Hayek was advocating that from the context of WWII UK; 'the dole.' A very minimal level of state sustenance below which no citizen would be allowed to readily fall(or would long want to remain in that state; safety net, not welfare state trampoline.)

But, in some ideal world you and I are unlikely to ever see, but are free to advocate for, I could readily see that as being an interim kind of default private charity/benevolent fund-- like, for whatever reason -- its just too complicated otherwise -- here is a voluntary contribution to this state fund, an anonymous form of charitable giving. And, even, let that be managed by the state. I think your objection is, making that a part of Congress budget and forcing that overhead on everyone. (Well hell; what budget? We could only wish to live in that fettered nation again.)

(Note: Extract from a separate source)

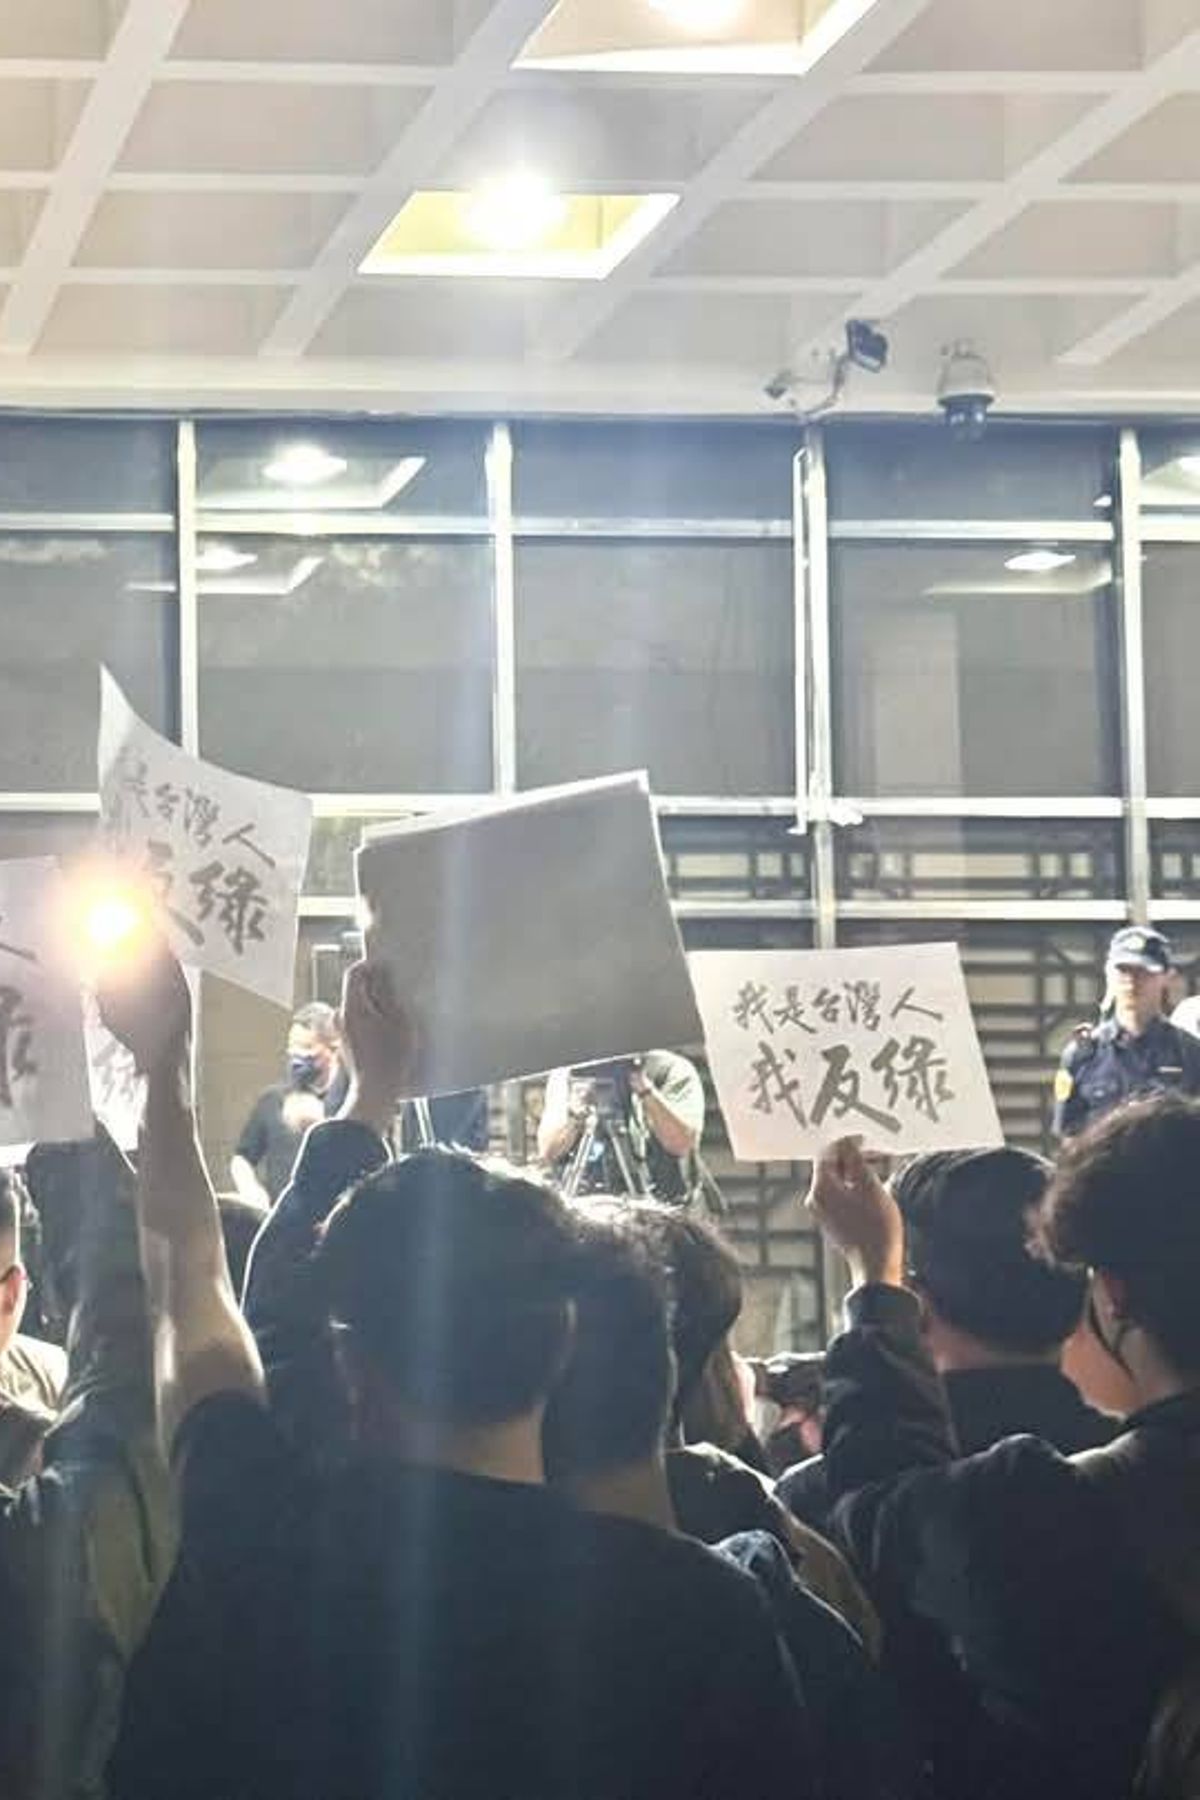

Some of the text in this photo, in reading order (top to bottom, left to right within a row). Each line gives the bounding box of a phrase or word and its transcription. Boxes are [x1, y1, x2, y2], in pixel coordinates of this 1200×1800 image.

This is a useful thought experiment. The criticism to the voluntary fund would be that those we depend on to provide the necessary resources would not give 'enough' where 'enough' is really only ever defined as 'more.'

Well, in a nation of peers living in freedom, the ethical response to that lament is "Well then, slacker, get busy and kick in."

Not "Somebody really needs to find a gun, knock these people over the head, and make them cough up enough to implement my worldview of 'enough' on my behalf, because after all, I can't provide enough, and so, that makes me the Emperor of Enough."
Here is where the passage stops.